Understanding of Disease
- 1932 – first modern description: In 1932, Ingalls reported a midline cranial anomaly in embryos that was referred to as “nuchal bleb” (10).
- 1950 – recognition of similarity to lumbosacral meningocele: In 1950, James and Lassman coined the term “meningocele manqué” to designate an arrested (or involuted) form of the common spinal meningocele (13).
- 1964 – description of spectrum of encephaloceles: In 1964, McLaurin provided the first clinical description of parietal encephaloceles, which included four cases of true encephaloceles, two of heterotopic glial rests, two of meningoceles with central connection, and five of meningoceles without central connection (23).

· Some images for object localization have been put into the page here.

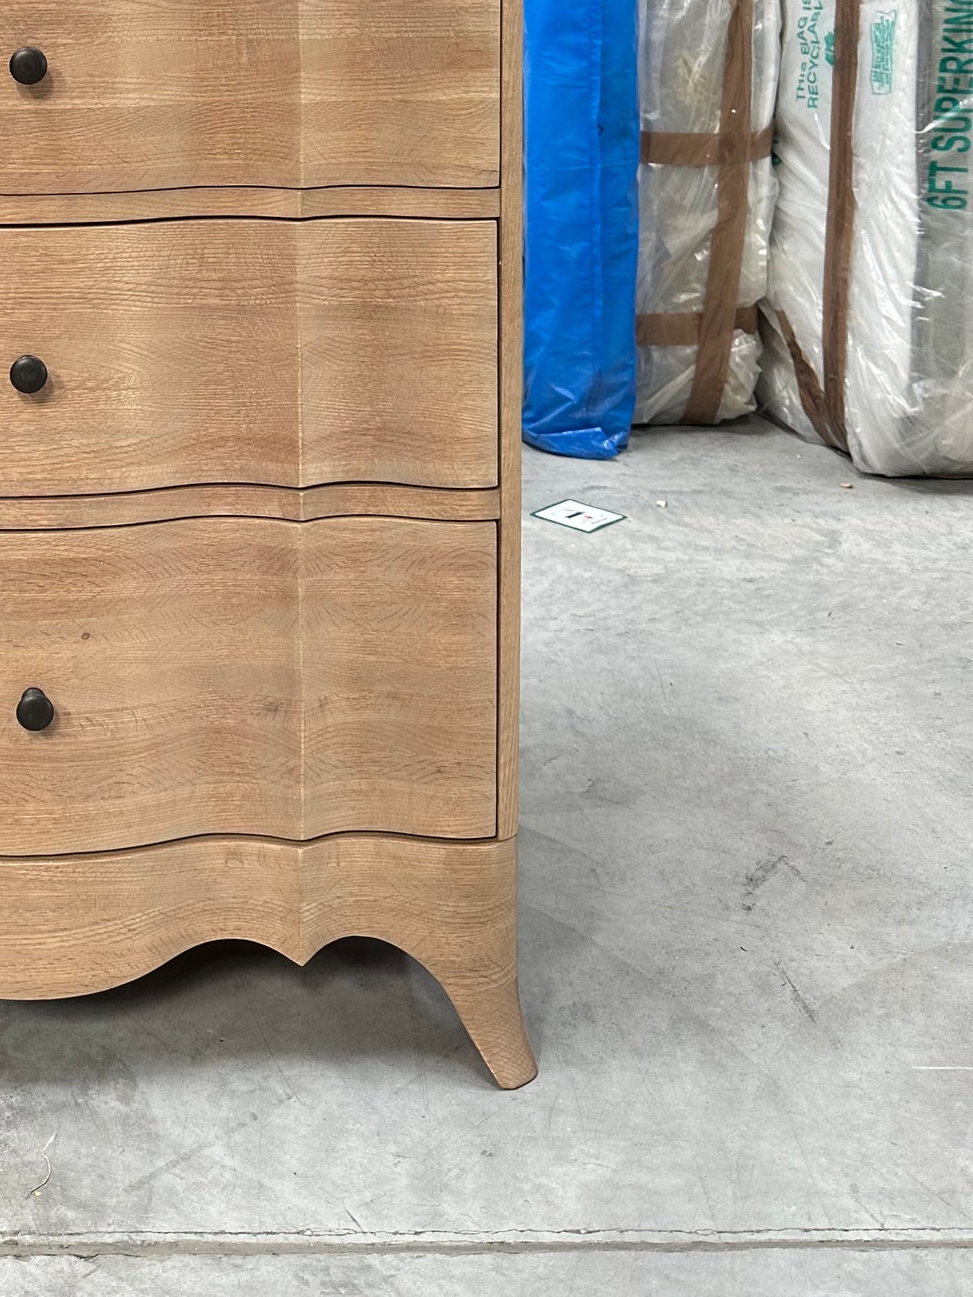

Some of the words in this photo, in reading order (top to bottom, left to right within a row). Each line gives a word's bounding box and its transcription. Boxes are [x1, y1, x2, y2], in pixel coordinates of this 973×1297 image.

[796, 17, 810, 55] BAG
[796, 62, 807, 103] THIS
[927, 160, 969, 210] 6FT
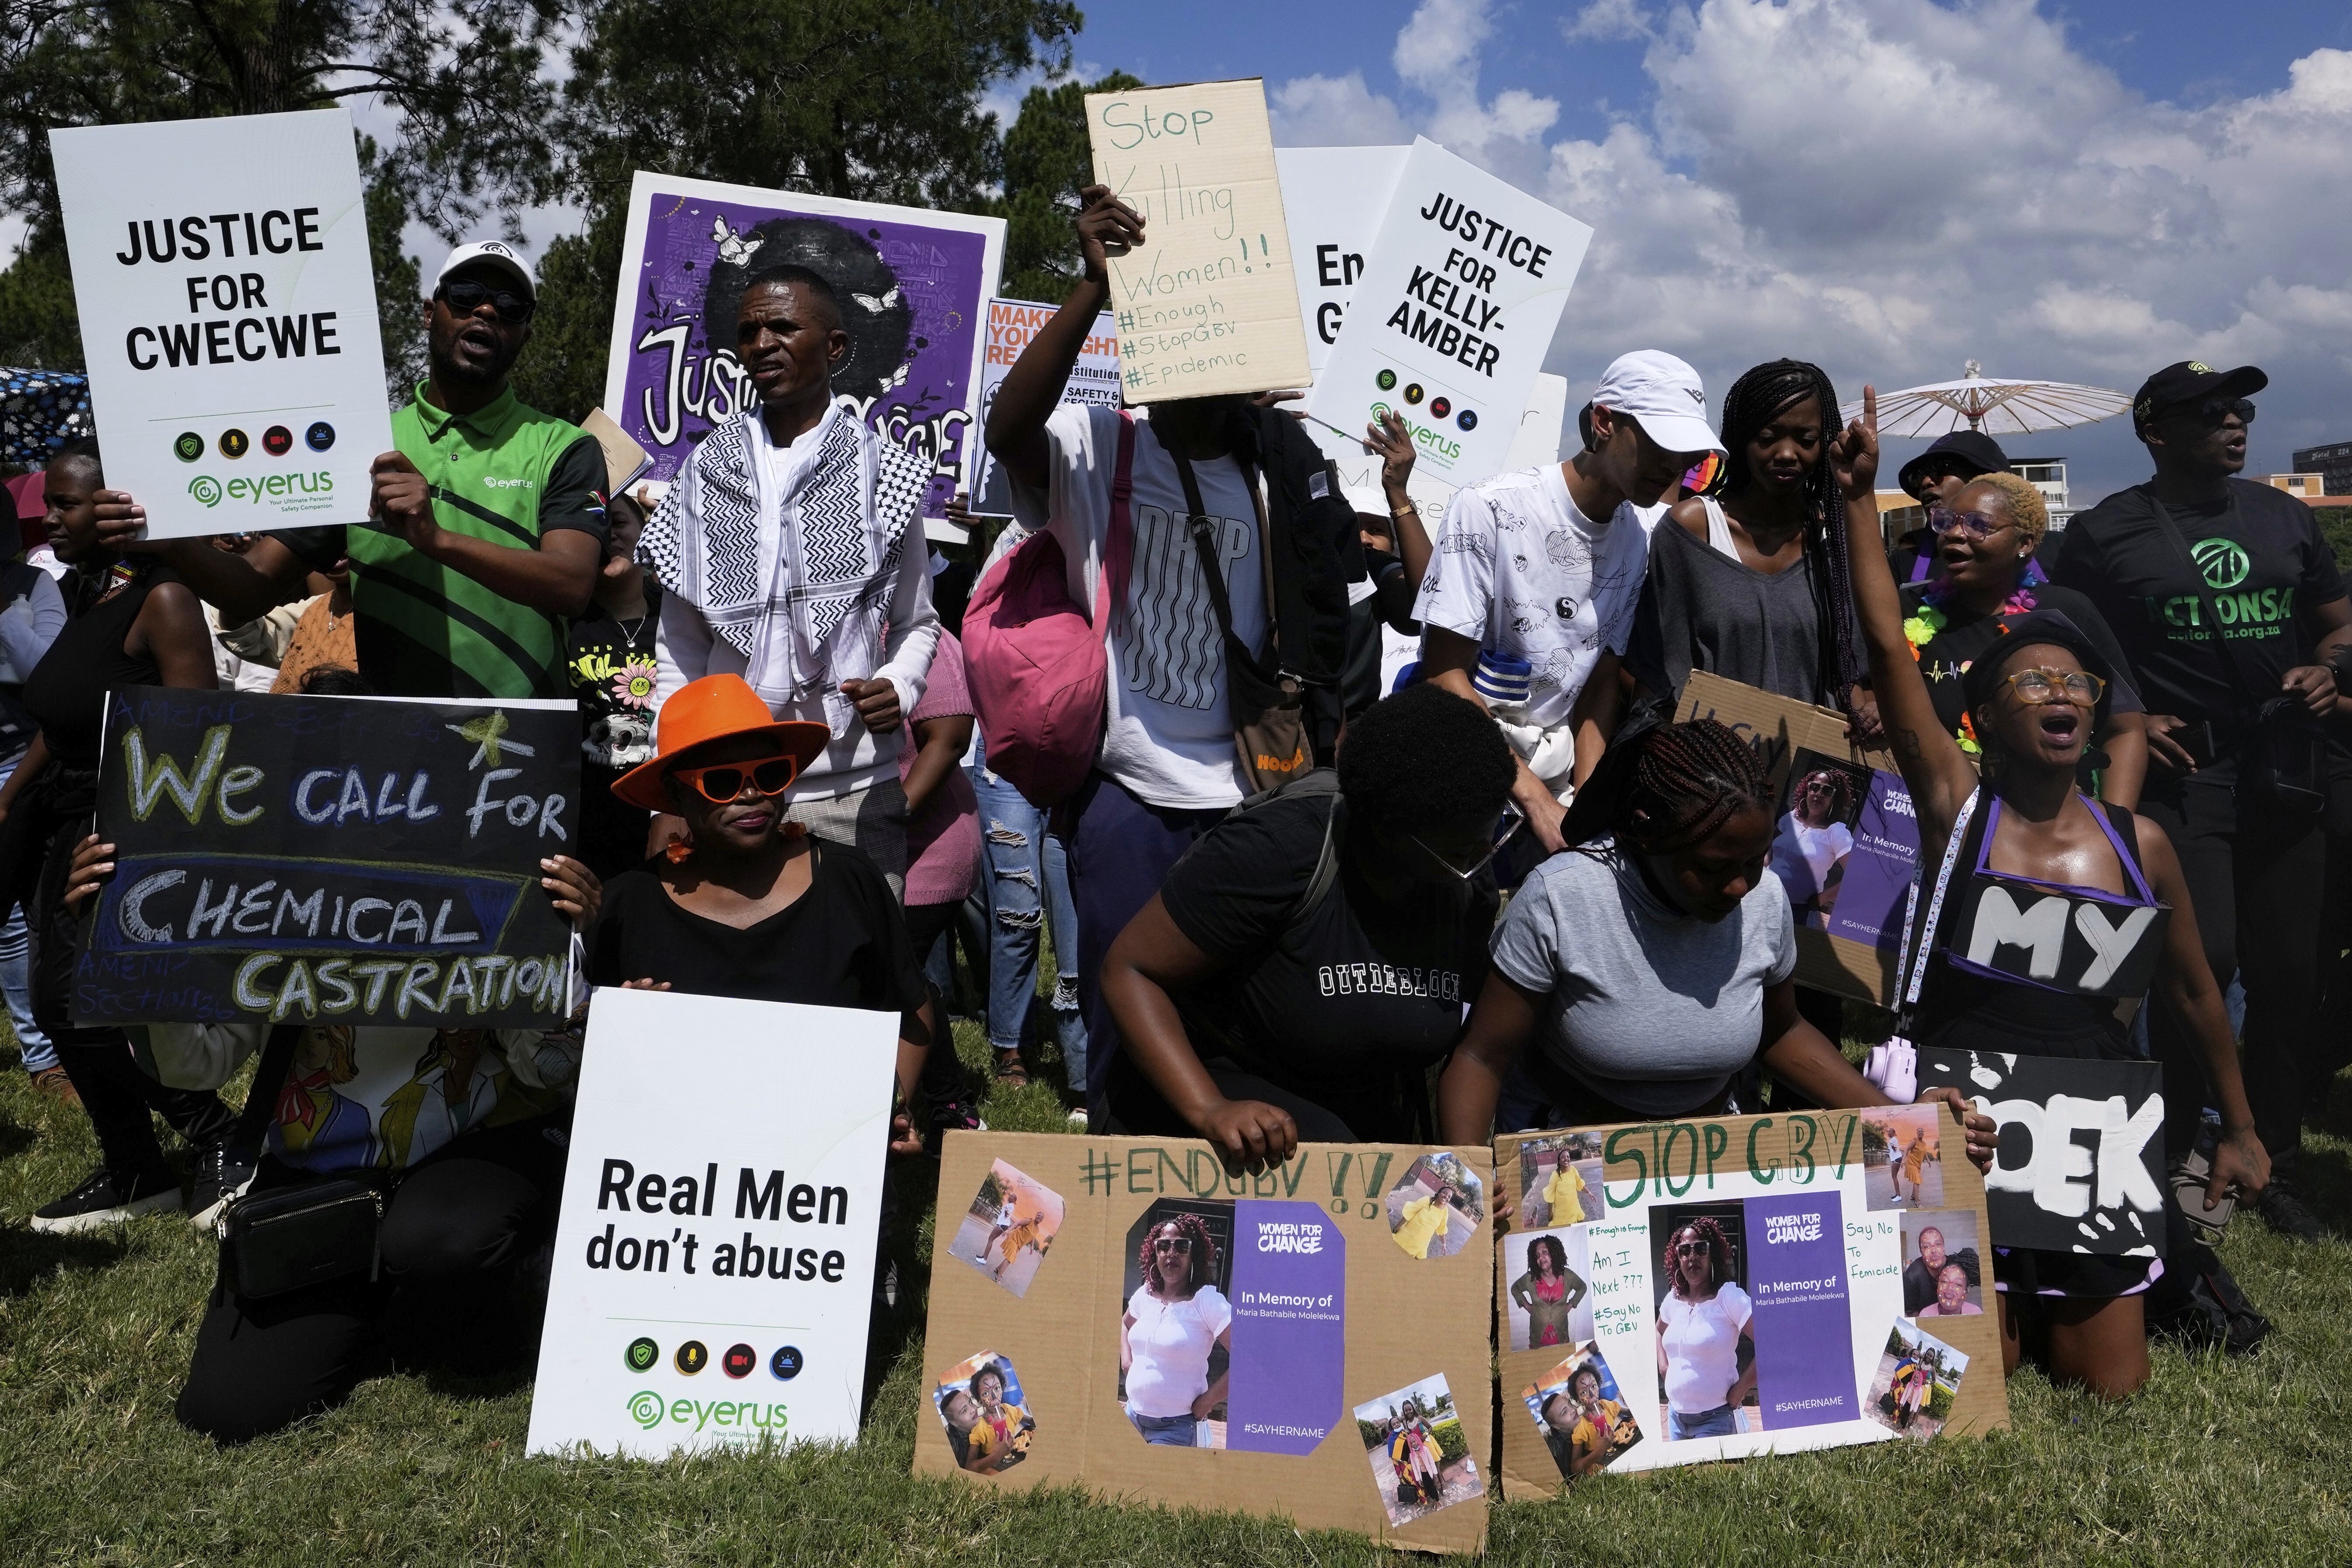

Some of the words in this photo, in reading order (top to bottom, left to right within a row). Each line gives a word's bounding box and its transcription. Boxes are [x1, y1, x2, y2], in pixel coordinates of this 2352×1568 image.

[1103, 103, 1213, 149] Stop
[1104, 161, 1233, 240] Killing
[116, 207, 323, 265] JUSTICE
[1421, 192, 1552, 279] JUSTICE
[1112, 234, 1271, 301] Women!!
[1316, 244, 1364, 286] En
[1443, 247, 1496, 293] FOR
[187, 273, 268, 313] FOR
[1406, 265, 1504, 332] KELLY-
[1118, 294, 1224, 333] #Enough
[126, 312, 341, 370] CWECWE
[989, 324, 1040, 347] YOU
[1121, 321, 1235, 359] #StopGBV
[1386, 301, 1500, 377] AMBER
[1070, 366, 1120, 380] stitution
[1125, 353, 1246, 389] #Epidemic
[1068, 387, 1110, 399] SAFETY
[1111, 392, 1119, 401] &
[2135, 404, 2144, 416] ACT
[2144, 397, 2151, 408] AS
[2140, 407, 2151, 421] ONE
[1419, 452, 1430, 461] Safety
[1423, 448, 1439, 458] Ultimate
[1439, 455, 1455, 466] Personal
[227, 471, 333, 504] eyerus
[498, 479, 533, 489] eyerus
[2145, 587, 2295, 626] ACTONSA
[2167, 625, 2281, 640] actiona.org.za
[122, 723, 265, 827] We
[292, 765, 441, 826] CALL
[465, 767, 568, 843] FOR
[1887, 789, 1912, 803] WOME
[1884, 799, 1917, 819] CHAN
[1856, 843, 1872, 852] Maria
[1873, 847, 1899, 860] Bathabile
[1900, 855, 1916, 865] Molel
[1862, 832, 1871, 843] In
[1874, 836, 1915, 856] Memory
[119, 870, 480, 944] CHEMICAL
[1842, 919, 1899, 941] #SAYHERNAME
[1967, 885, 2158, 991] MY
[231, 951, 570, 1022] CASTRATION
[1603, 1123, 1728, 1209] STOP
[1747, 1115, 1857, 1185] GBV
[1969, 1092, 2164, 1218] OEK
[597, 1158, 718, 1216] Real
[735, 1167, 848, 1225] Men
[1258, 1223, 1298, 1236] WOMEN
[1300, 1224, 1323, 1237] FOR
[1765, 1215, 1801, 1228] WOMEN
[1802, 1213, 1821, 1224] FOR
[1846, 1223, 1873, 1240] Say
[1878, 1222, 1893, 1235] No
[1258, 1235, 1323, 1254] CHANGE
[1767, 1224, 1823, 1244] CHANGE
[586, 1223, 698, 1274] don't
[712, 1232, 845, 1283] abuse
[1593, 1251, 1612, 1271] Am
[1616, 1251, 1631, 1266] I
[1847, 1246, 1861, 1258] To
[1851, 1264, 1899, 1279] Femicide
[1592, 1277, 1619, 1297] Next
[1759, 1283, 1770, 1294] In
[1773, 1279, 1822, 1292] Memory
[1824, 1275, 1836, 1288] of
[1242, 1291, 1254, 1303] In
[1259, 1292, 1315, 1309] Memory
[1318, 1295, 1333, 1307] of
[1776, 1295, 1808, 1305] Bathabile
[1808, 1291, 1845, 1301] Molelekwa
[1237, 1308, 1258, 1317] Maria
[1260, 1309, 1297, 1318] Bathabile
[1298, 1311, 1340, 1321] Molelekwa
[1594, 1307, 1626, 1321] #Say
[1628, 1303, 1640, 1314] No
[1598, 1324, 1612, 1336] To
[1616, 1322, 1637, 1335] GBV
[1776, 1396, 1843, 1412] #SAYHERNAME
[670, 1399, 788, 1432] eyerus
[1244, 1423, 1325, 1439] #SAYHERNAME
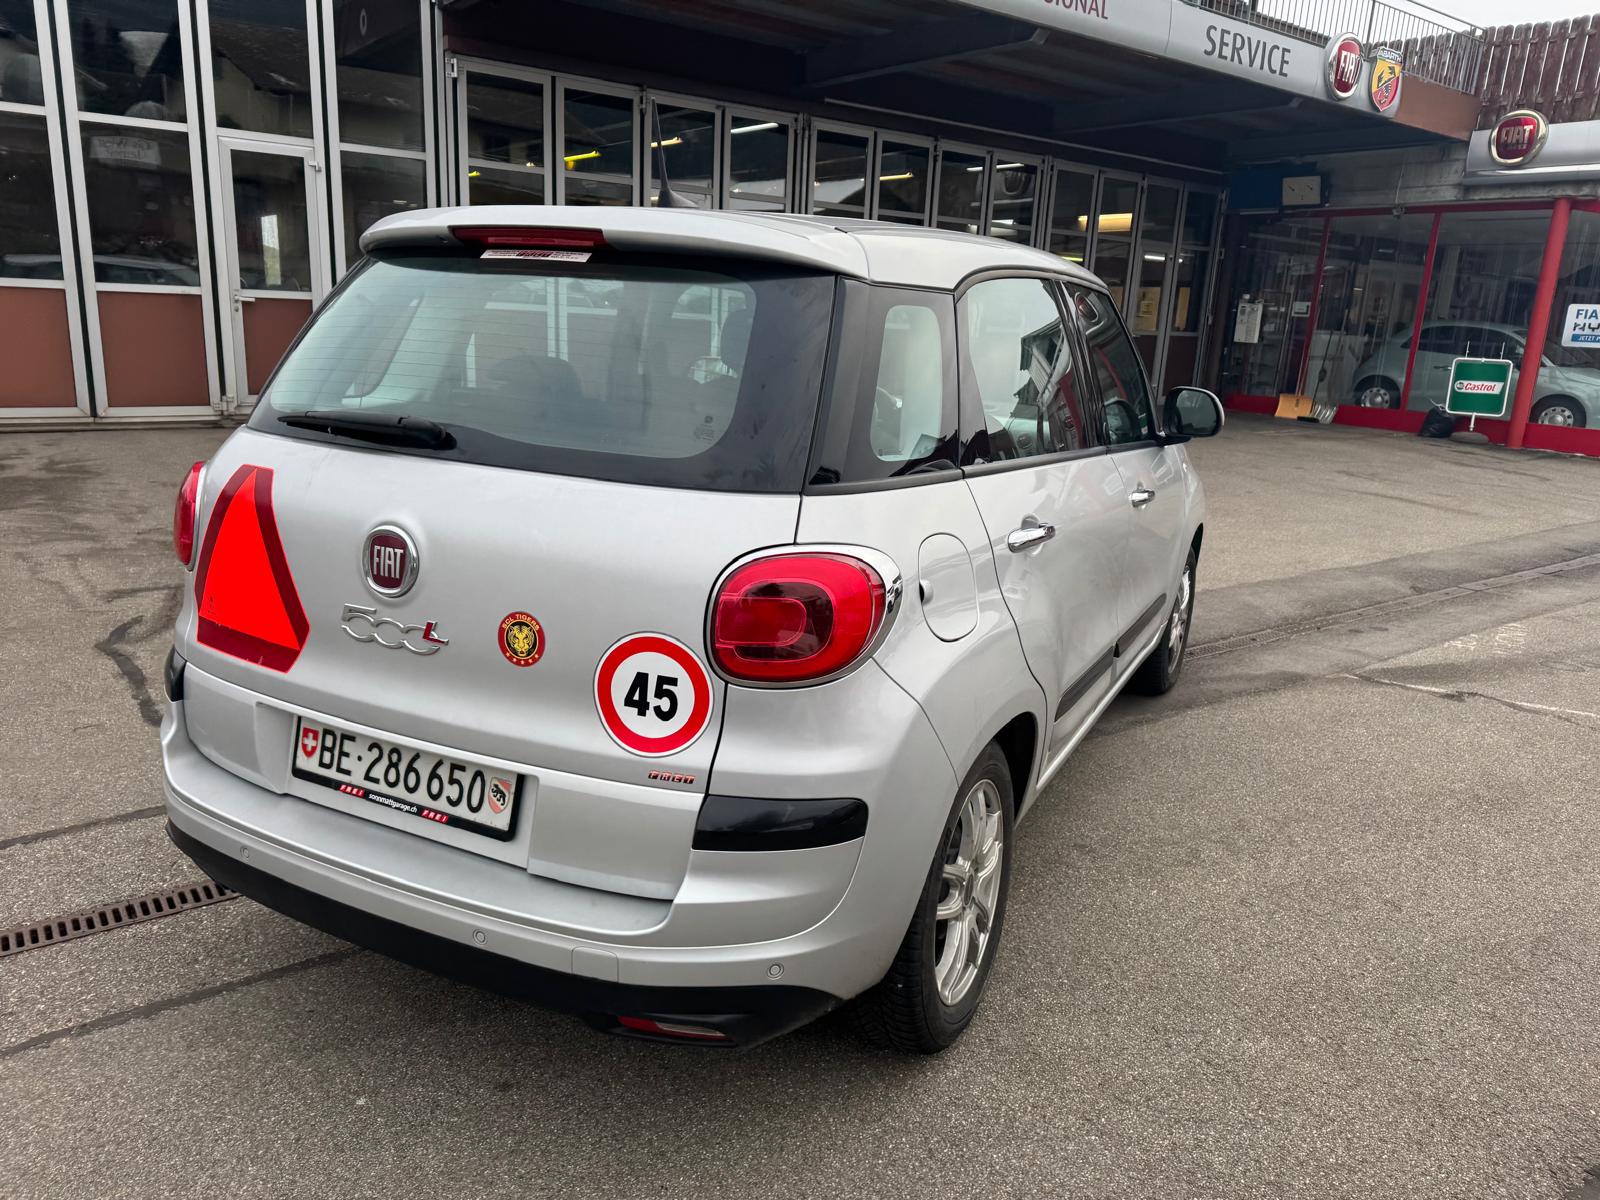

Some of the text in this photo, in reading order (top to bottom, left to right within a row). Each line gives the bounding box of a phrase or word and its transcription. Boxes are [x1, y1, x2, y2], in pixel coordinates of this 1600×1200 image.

[1203, 24, 1291, 78] SERVICE
[1464, 382, 1497, 392] Castrol
[373, 545, 404, 579] FIAT
[514, 613, 540, 631] TIGERS
[623, 671, 679, 722] 45
[368, 793, 418, 814] sonnmattgarage.ch

- 1979 – first use of “atretic” to describe lesion: Yamada et al., in 1979, presented three instances of a “peculiar head tumor” and suggested the lesions should be called “atretic” or “rudimentary” encephaloceles (32).
- 1988 and 1992 – series descriptions of atretic encephaloceles: Atretic encephaloceles were further characterized by Yokota et al. (33) in 1988, who included five instances of these lesions, and by Martínez-Lage et al. (16) in 1992, who reported an additional 16 cases and placed special emphasis on the associated intracranial anomalies.